▸ **Exercise details**
Your task is to retype every entry exactly, omitting nothing.

▸ **Source material**

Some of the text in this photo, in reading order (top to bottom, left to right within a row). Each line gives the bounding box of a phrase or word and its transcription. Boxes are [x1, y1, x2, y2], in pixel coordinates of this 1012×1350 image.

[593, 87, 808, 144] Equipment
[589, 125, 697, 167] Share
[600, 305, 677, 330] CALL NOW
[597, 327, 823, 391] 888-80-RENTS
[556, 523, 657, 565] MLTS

▸ **Solution to this task**
Some of the text in this photo, in reading order (top to bottom, left to right within a row). Each line gives the bounding box of a phrase or word and its transcription. Boxes are [x1, y1, x2, y2], in pixel coordinates of this 1012×1350 image.

[593, 87, 808, 144] Equipment
[589, 125, 697, 167] Share
[600, 305, 677, 330] CALL NOW
[597, 327, 823, 391] 888-80-RENTS
[556, 523, 657, 565] MLTS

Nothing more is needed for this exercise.